[Entries shown]:
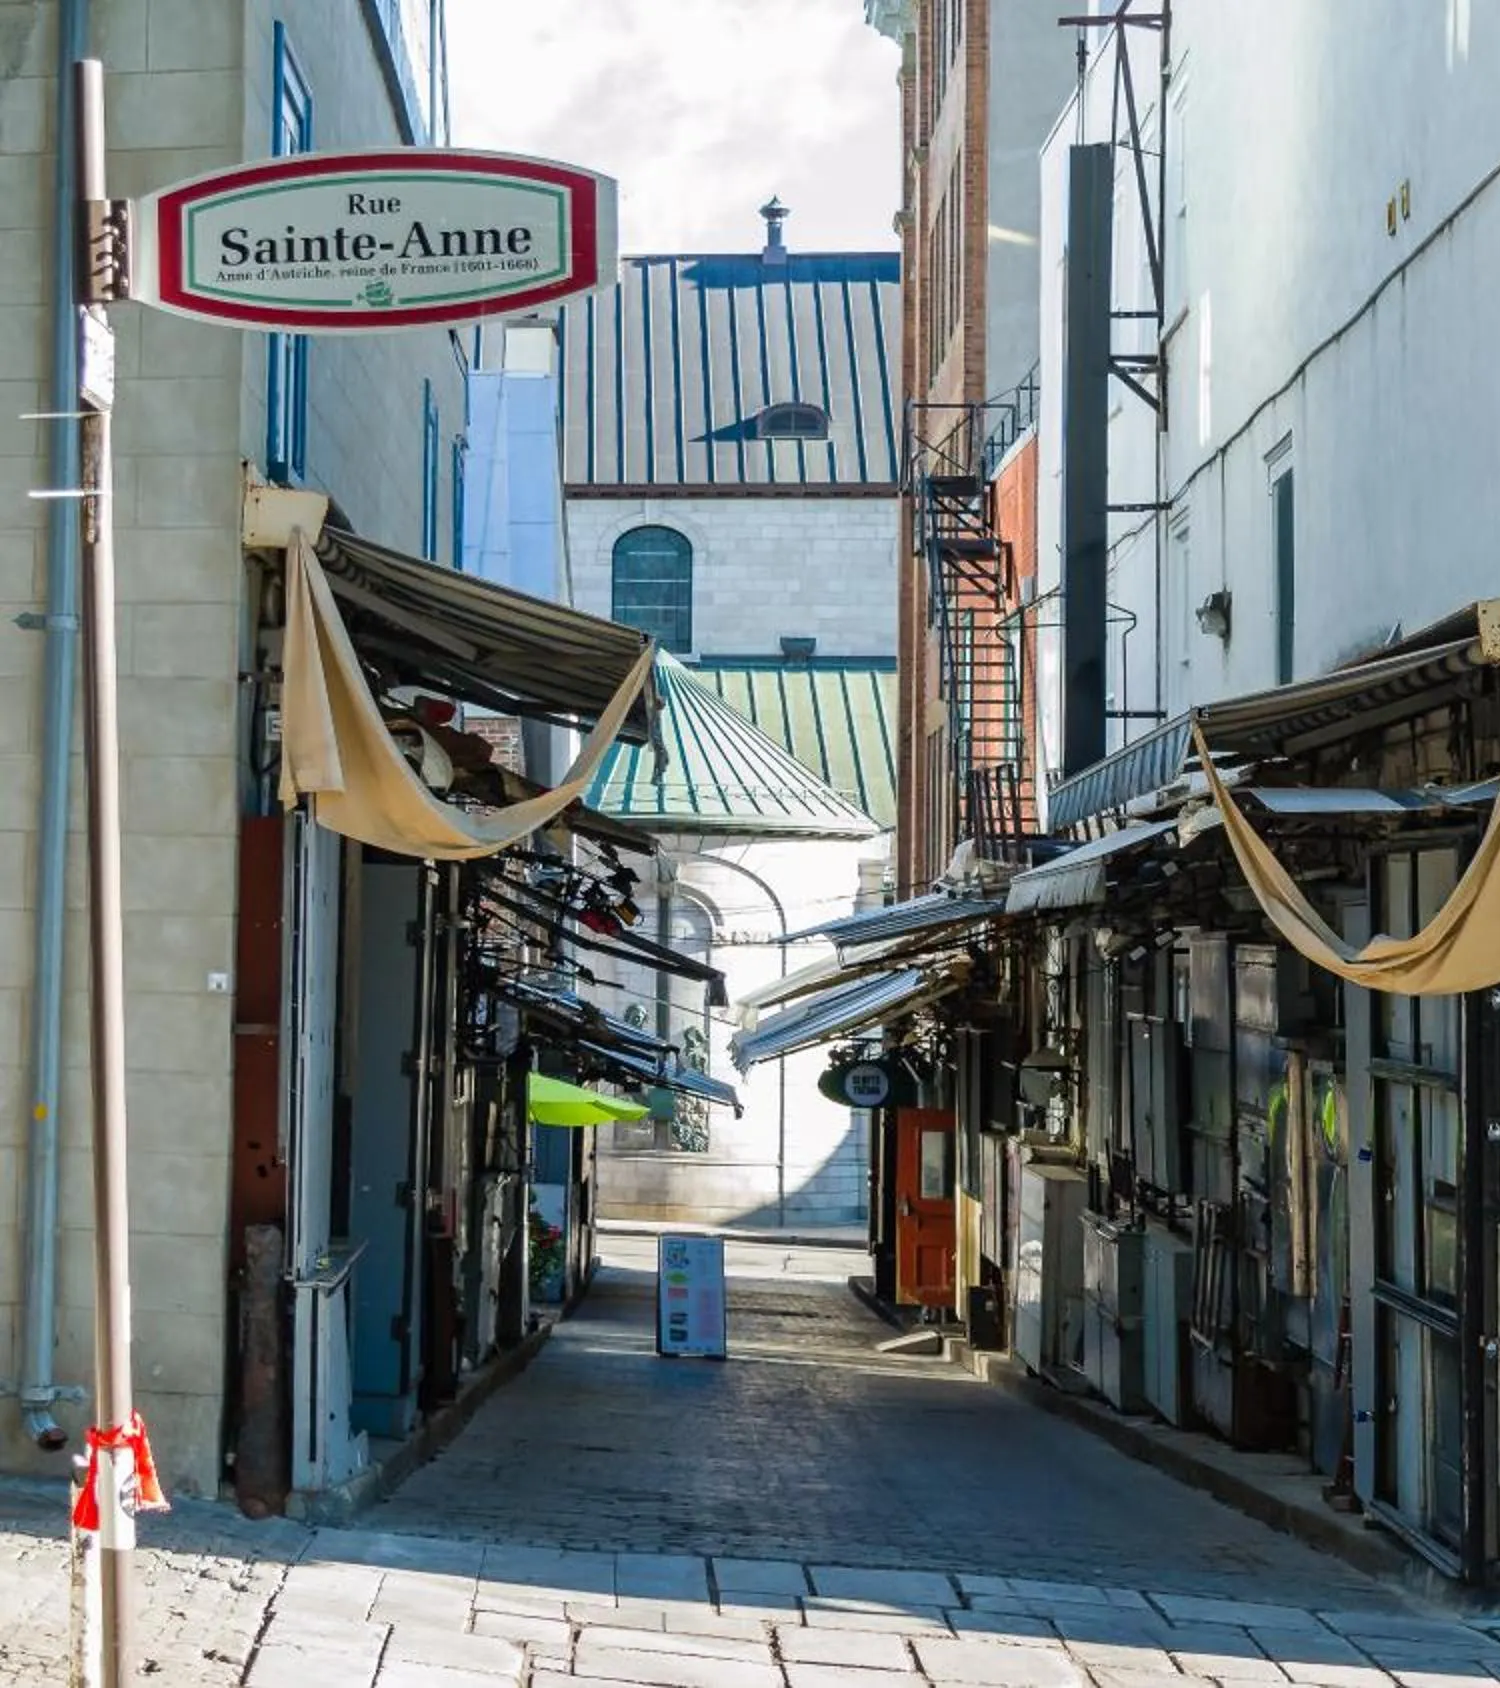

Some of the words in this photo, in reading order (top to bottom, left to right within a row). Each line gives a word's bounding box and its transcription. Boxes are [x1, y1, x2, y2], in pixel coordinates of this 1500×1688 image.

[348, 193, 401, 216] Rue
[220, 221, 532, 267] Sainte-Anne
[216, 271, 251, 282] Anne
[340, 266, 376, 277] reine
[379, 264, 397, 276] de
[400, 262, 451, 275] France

[Exercise aim]:
When repeating the material above, keep every line exact and drop all pictures.

[Exercise answer]:
Some of the words in this photo, in reading order (top to bottom, left to right within a row). Each line gives a word's bounding box and its transcription. Boxes are [x1, y1, x2, y2], in pixel coordinates of this 1500×1688 image.

[348, 193, 401, 216] Rue
[220, 221, 532, 267] Sainte-Anne
[216, 271, 251, 282] Anne
[340, 266, 376, 277] reine
[379, 264, 397, 276] de
[400, 262, 451, 275] France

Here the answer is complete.